Material for this task >>
▬▬▬▬▬▬

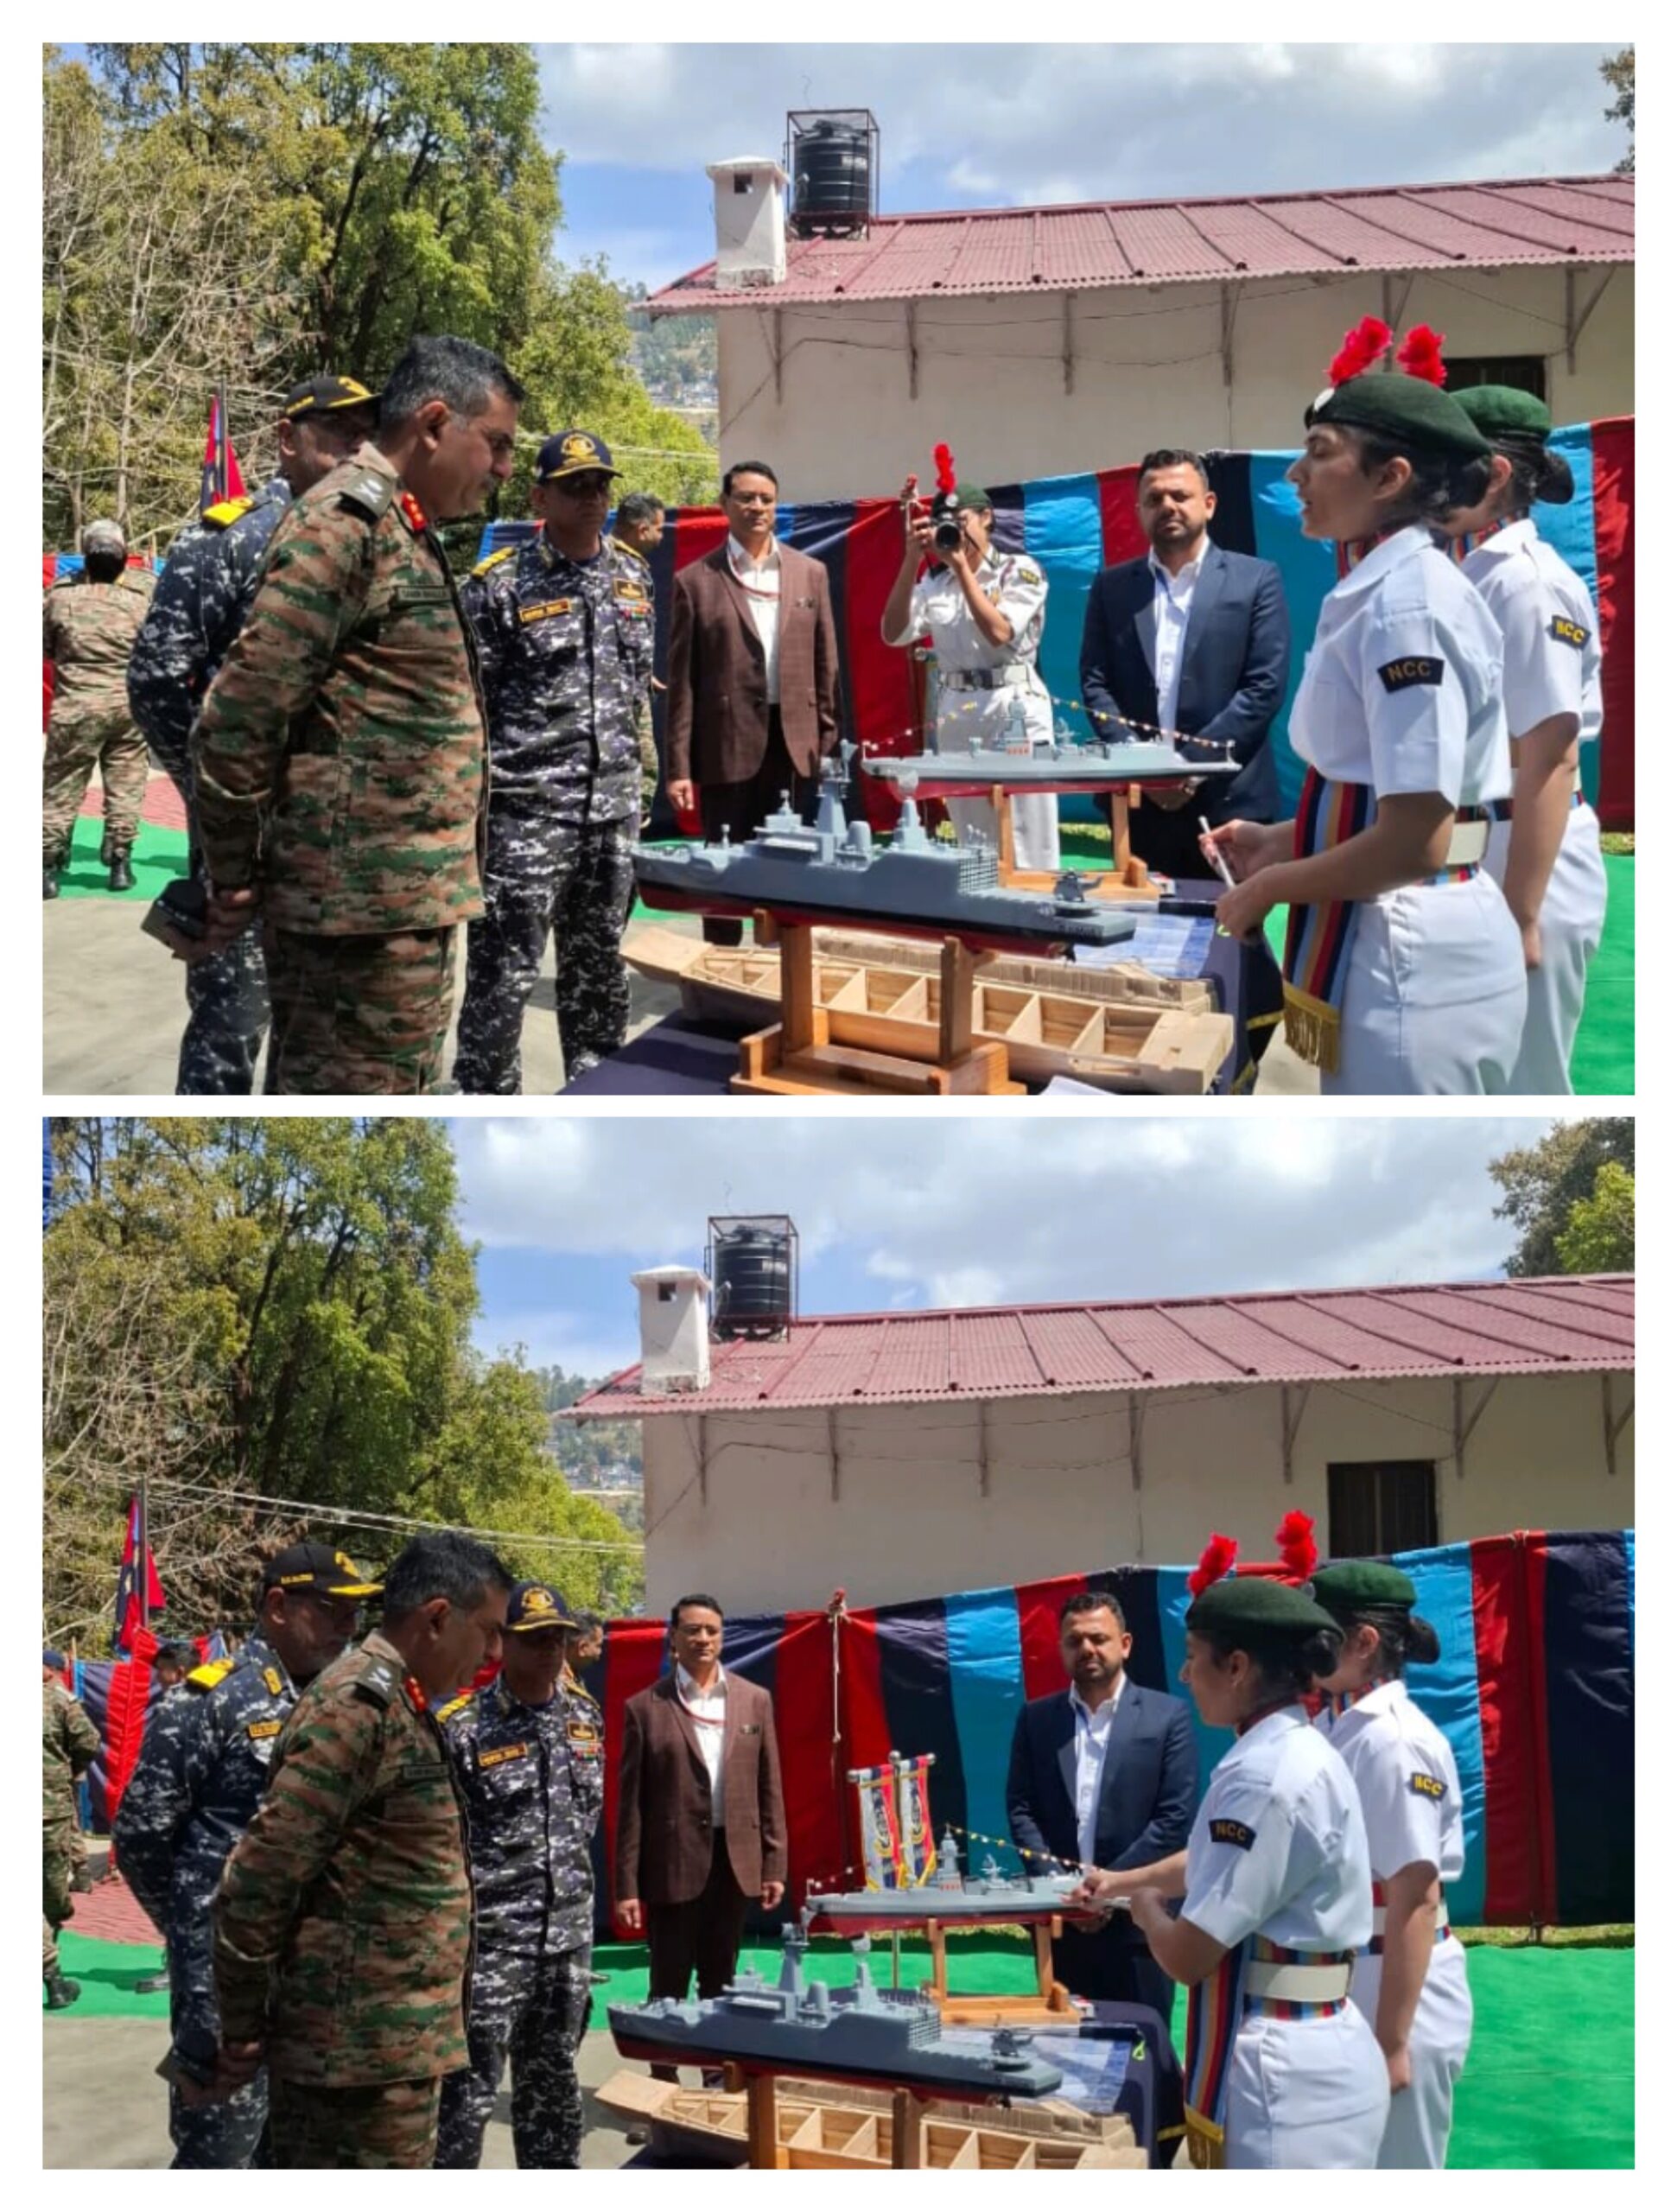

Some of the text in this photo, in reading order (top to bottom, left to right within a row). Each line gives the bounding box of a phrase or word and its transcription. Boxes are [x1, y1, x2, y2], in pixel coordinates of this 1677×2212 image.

[1556, 620, 1585, 644] NCC
[1386, 660, 1432, 683] NCC
[1414, 1775, 1443, 1796] NCC
[1216, 1822, 1247, 1841] NCC
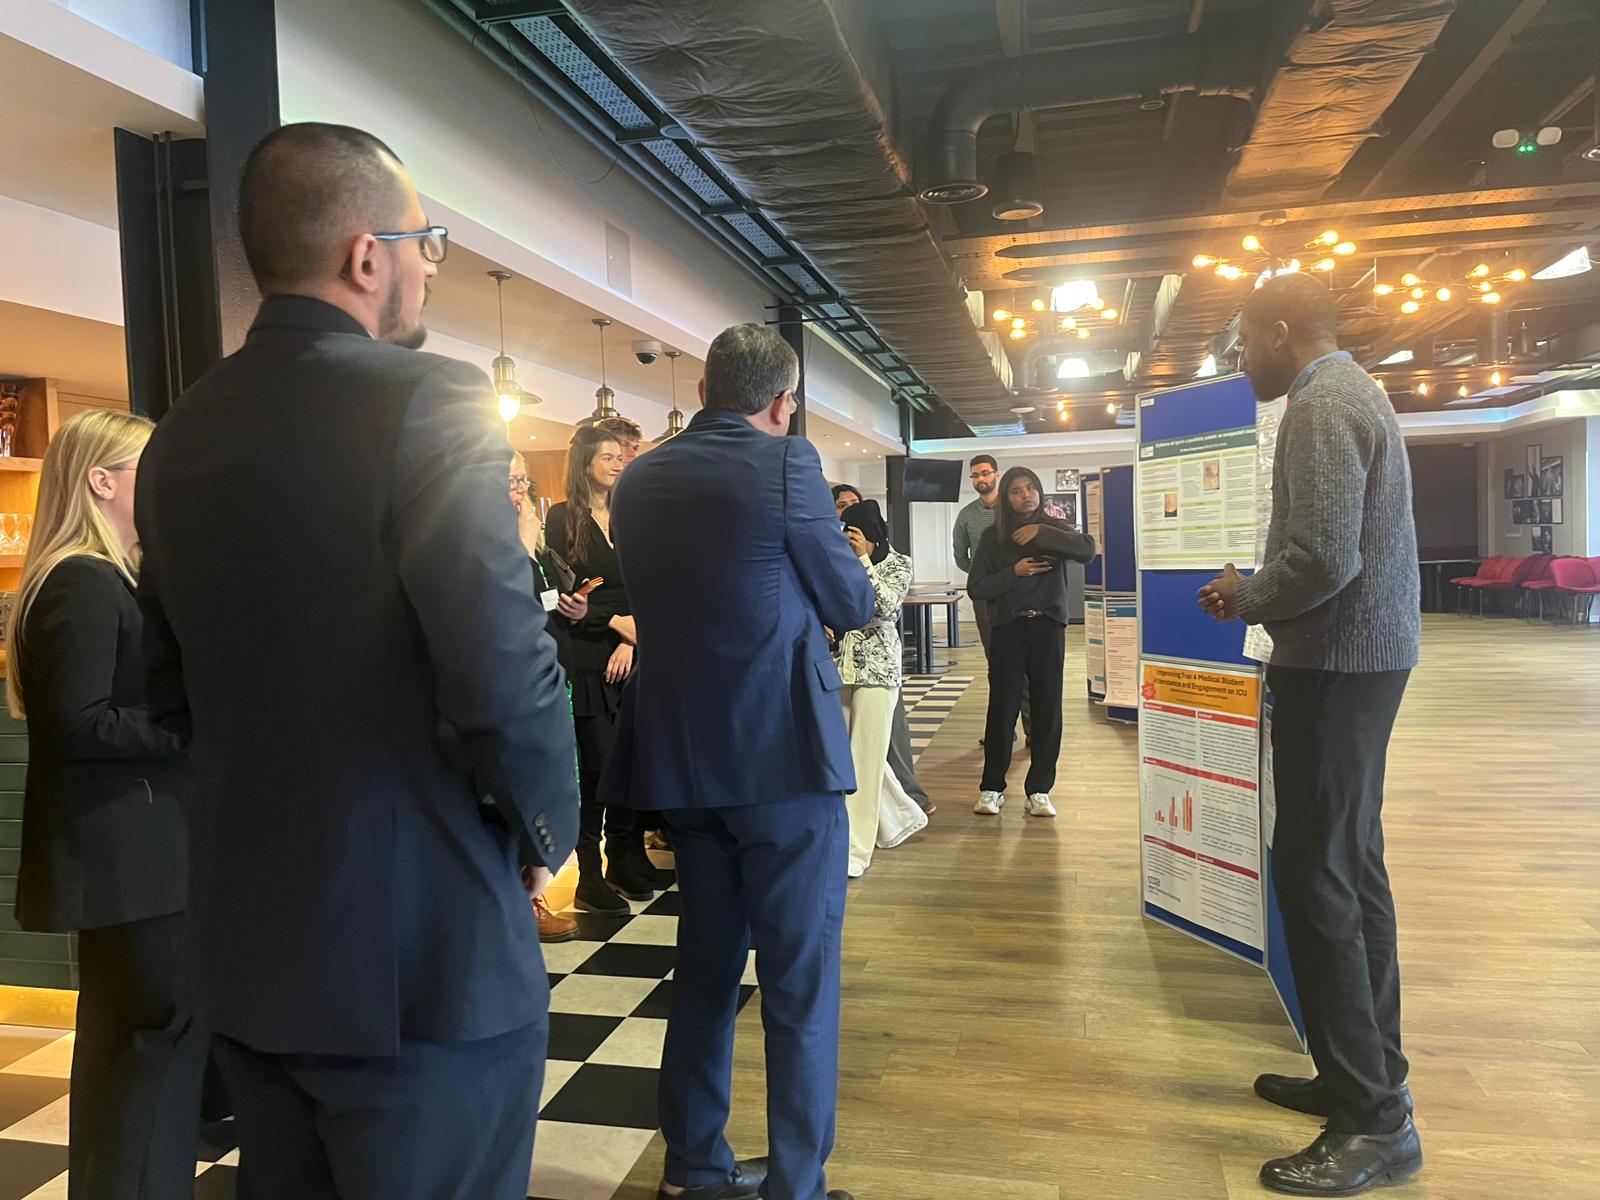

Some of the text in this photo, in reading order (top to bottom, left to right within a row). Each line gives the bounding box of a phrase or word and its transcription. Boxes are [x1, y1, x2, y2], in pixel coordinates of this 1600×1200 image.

▬▬▬▬▬▬

Prompt >> Would you copy out the data exactly, leaving every picture out?

Your response >>
Some of the text in this photo, in reading order (top to bottom, left to right within a row). Each line gives the bounding box of a phrase or word and its transcription. Boxes are [x1, y1, x2, y2], in pixel coordinates of this 1677×2212 image.

[1556, 620, 1585, 644] NCC
[1386, 660, 1432, 683] NCC
[1414, 1775, 1443, 1796] NCC
[1216, 1822, 1247, 1841] NCC

Some of the text in this photo, in reading order (top to bottom, left to right within a row). Each line gives the bounding box of a phrase or word and its transcription. Boxes are [x1, y1, x2, y2], in pixel coordinates of this 1600×1200 image.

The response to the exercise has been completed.